• Saved entries:
========

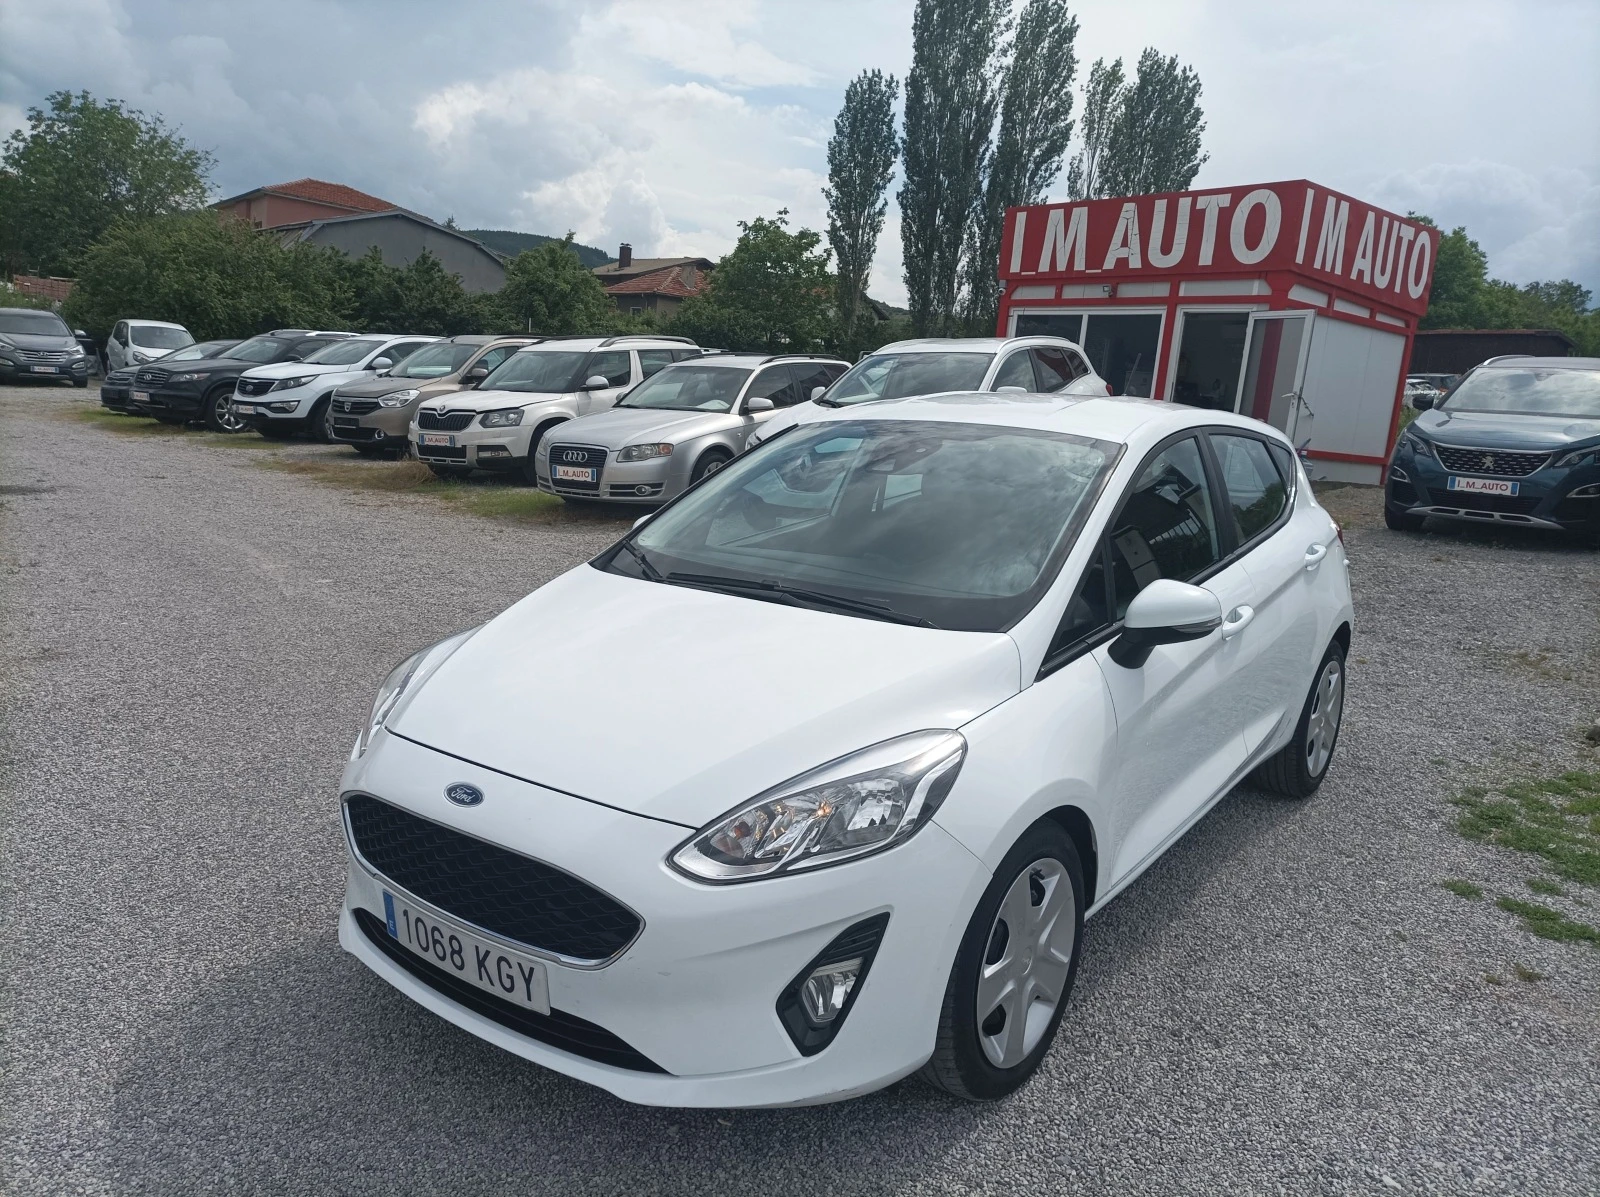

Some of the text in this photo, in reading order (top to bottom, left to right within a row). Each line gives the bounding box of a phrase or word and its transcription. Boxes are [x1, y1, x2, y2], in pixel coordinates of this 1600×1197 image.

[1295, 188, 1431, 300] I M AUTO
[451, 786, 476, 803] Ford
[402, 908, 535, 1002] 1068 KGY
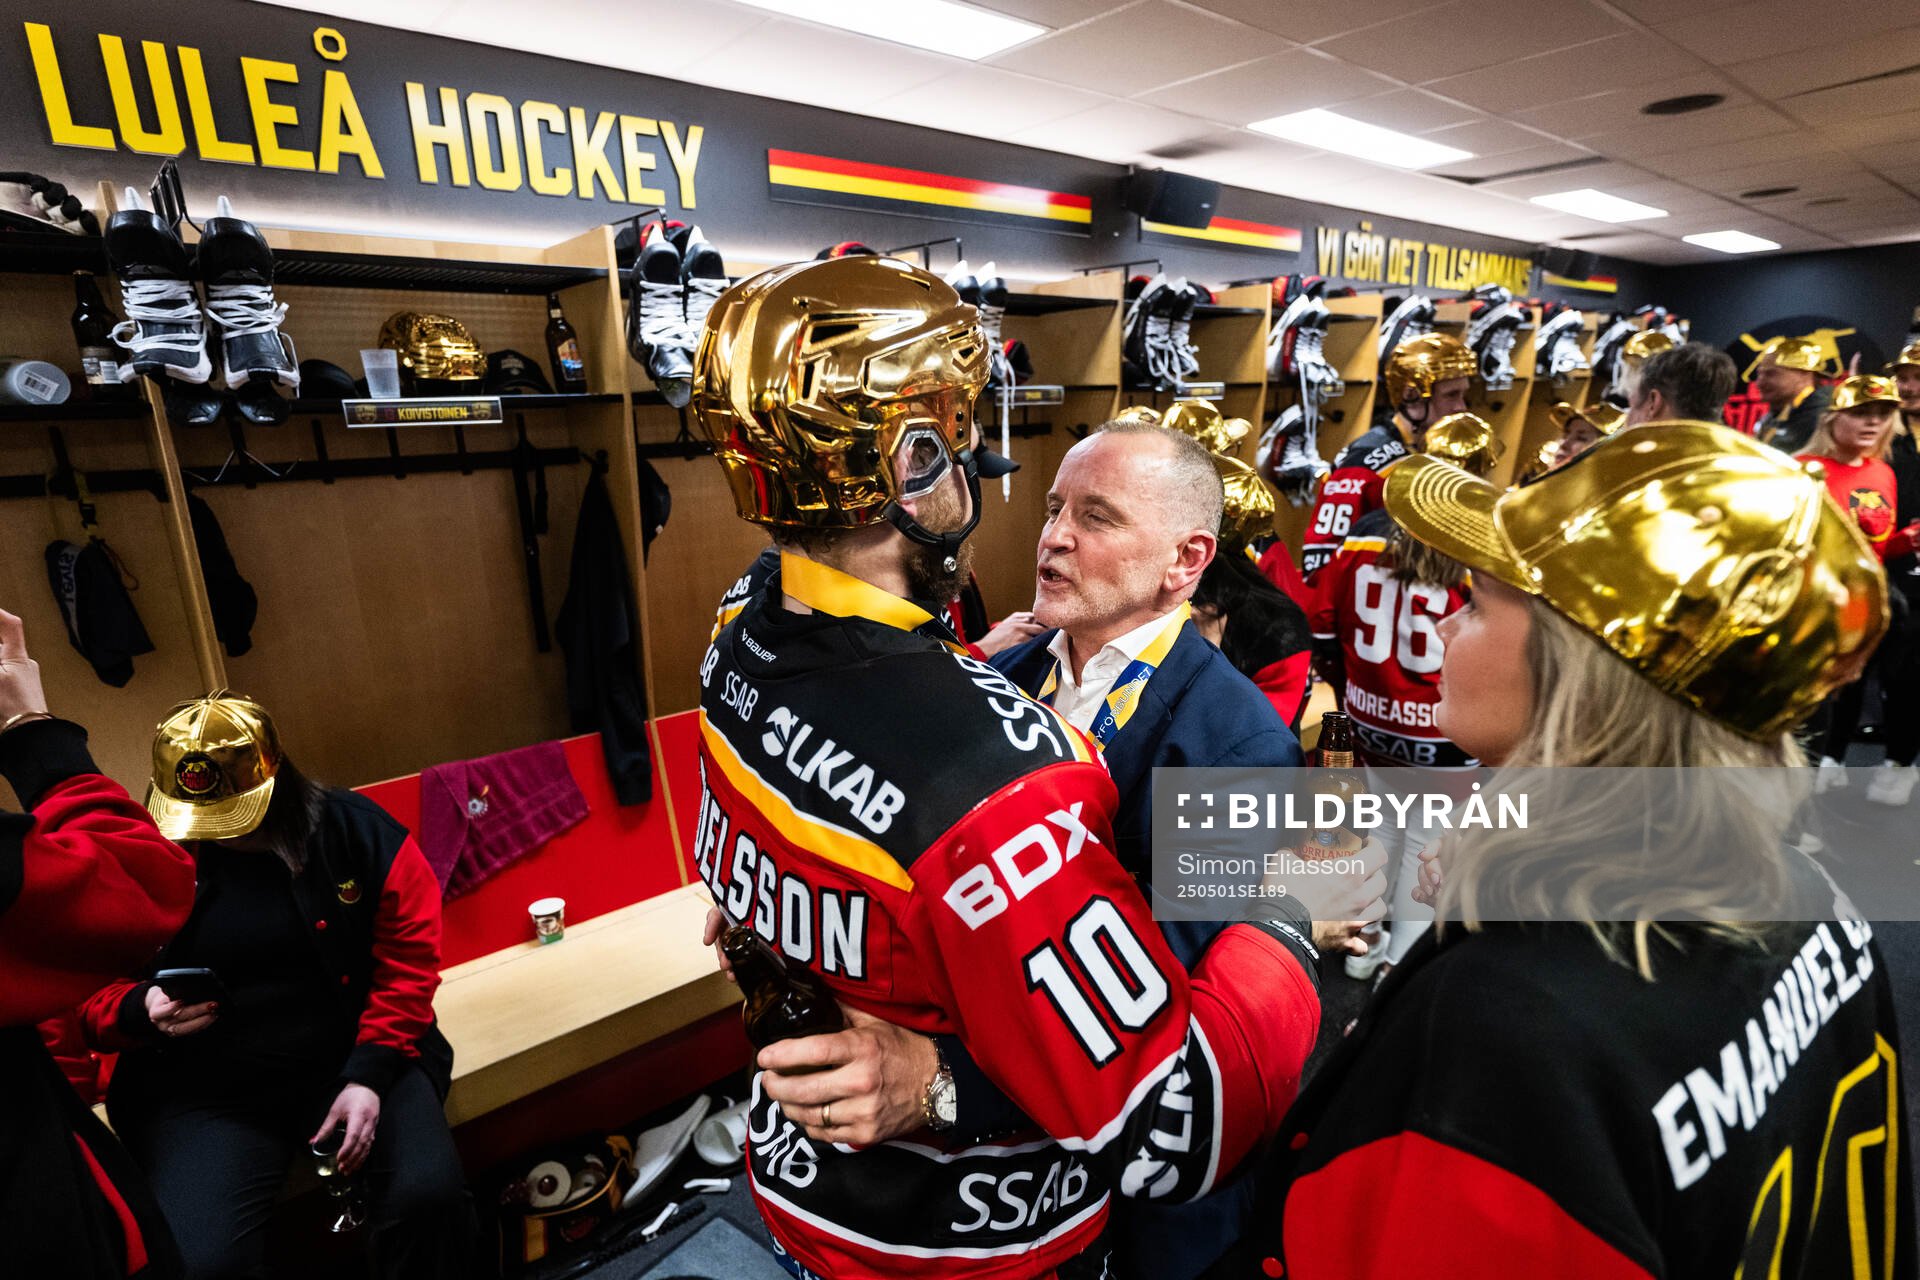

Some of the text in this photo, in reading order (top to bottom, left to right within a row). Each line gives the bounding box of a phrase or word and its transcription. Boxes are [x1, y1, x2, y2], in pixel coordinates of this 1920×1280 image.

[23, 22, 705, 210] LULEÅ HOCKEY
[1317, 221, 1532, 297] VI GÖR DET TILLSAMMANS
[397, 406, 469, 421] KOIVISTOINEN
[1363, 440, 1406, 470] SSAB
[1314, 503, 1354, 537] 96
[1353, 563, 1450, 674] 96
[720, 670, 759, 722] SSAB
[786, 723, 906, 834] LKAB
[1357, 726, 1438, 765] SSAB
[694, 757, 868, 979] UELSSON
[942, 801, 1100, 931] BDX
[1025, 897, 1170, 1067] 10
[951, 1155, 1089, 1233] SSAB

========

• Task requirements: Set out, exactly as written, the lines from the line with "this 1920×1280 image." to the last line of the records, inclusive, and only those lines.

• Solution for this exercise:
Some of the text in this photo, in reading order (top to bottom, left to right within a row). Each line gives the bounding box of a phrase or word and its transcription. Boxes are [x1, y1, x2, y2], in pixel coordinates of this 1920×1280 image.

[23, 22, 705, 210] LULEÅ HOCKEY
[1317, 221, 1532, 297] VI GÖR DET TILLSAMMANS
[397, 406, 469, 421] KOIVISTOINEN
[1363, 440, 1406, 470] SSAB
[1314, 503, 1354, 537] 96
[1353, 563, 1450, 674] 96
[720, 670, 759, 722] SSAB
[786, 723, 906, 834] LKAB
[1357, 726, 1438, 765] SSAB
[694, 757, 868, 979] UELSSON
[942, 801, 1100, 931] BDX
[1025, 897, 1170, 1067] 10
[951, 1155, 1089, 1233] SSAB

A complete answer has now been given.